Fig. 4: Opposite effects of ROMO1 upregulation and ablation on mitochondrial Ca²⁺ uptake.

a Heat map of the activity-based protein profiling ratios of TG/WT at MCU C96 and C190 in different mouse tissues. n = 3-4 independent biological replicates from 6-8 young mice (3-month-old) for each tissue (2 M 4 F for liver; 4 M 4 F for heart and skeletal muscle (SKM)). Darker blue indicates a more reduced state of the cysteine sites in TG compared to WT. b–e Representative traces of mitochondrial Ca²⁺ uptake responding to 20 μM Ca²⁺ in heart or liver mitochondria isolated from TG or cKO or hKO mice and their respective control mice.
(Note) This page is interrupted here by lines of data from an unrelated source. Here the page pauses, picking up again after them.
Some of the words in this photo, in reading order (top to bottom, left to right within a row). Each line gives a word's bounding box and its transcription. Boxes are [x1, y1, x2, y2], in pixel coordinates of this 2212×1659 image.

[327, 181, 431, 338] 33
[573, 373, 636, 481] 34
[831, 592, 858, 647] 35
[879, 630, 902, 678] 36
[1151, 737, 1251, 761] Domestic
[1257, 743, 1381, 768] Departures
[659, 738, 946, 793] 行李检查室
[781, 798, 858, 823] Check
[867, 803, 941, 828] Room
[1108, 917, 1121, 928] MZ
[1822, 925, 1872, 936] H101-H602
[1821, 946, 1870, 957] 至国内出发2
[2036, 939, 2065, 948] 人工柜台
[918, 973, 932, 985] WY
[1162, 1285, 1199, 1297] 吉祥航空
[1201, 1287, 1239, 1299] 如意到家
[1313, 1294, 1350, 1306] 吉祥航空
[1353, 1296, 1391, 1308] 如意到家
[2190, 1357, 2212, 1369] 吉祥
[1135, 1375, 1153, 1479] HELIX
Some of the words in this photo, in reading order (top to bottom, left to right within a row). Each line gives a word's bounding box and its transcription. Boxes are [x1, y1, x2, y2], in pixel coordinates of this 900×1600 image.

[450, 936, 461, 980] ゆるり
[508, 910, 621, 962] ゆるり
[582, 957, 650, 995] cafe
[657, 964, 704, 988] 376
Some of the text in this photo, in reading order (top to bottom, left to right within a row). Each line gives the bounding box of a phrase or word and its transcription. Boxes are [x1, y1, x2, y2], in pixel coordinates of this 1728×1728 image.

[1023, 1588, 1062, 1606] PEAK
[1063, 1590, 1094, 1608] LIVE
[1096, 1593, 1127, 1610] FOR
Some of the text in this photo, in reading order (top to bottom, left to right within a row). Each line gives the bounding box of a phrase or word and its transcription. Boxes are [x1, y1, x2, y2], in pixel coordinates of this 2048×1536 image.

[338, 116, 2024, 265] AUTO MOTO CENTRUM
Ru360, MCU inhibitor; FCCP, uncoupler of oxidative phosphorylation. In d and e, enlarged view of the boxed regions are shown to the right. AU, arbitrary units. s, second. f Averaged data of mitochondrial Ca²⁺ uptake rate (1/τ, where τ is the respective time constant of extra-mitochondrial Ca²⁺ decay). Data are mean ± s.e.m. For heart mitochondria, n = 3 measurements from 3 WT mice, n = 4 measurements from 3 TG mice, n = 12 measurements from 5 Control mice, n = 4 measurements from 4 cKO mice; for liver mitochondria, n = 6 measurements from 3 WT mice, n = 6 measurements from 3 TG mice, n = 4 measurements from 4 Control mice, n = 3 measurements from 3 hKO mice. 3-month-old male mice were used. In f, two-tailed unpaired Student’s t-test with Welch’s correction was used. *p < 0.05, **p < 0.01. Source data are provided as a Source Data file.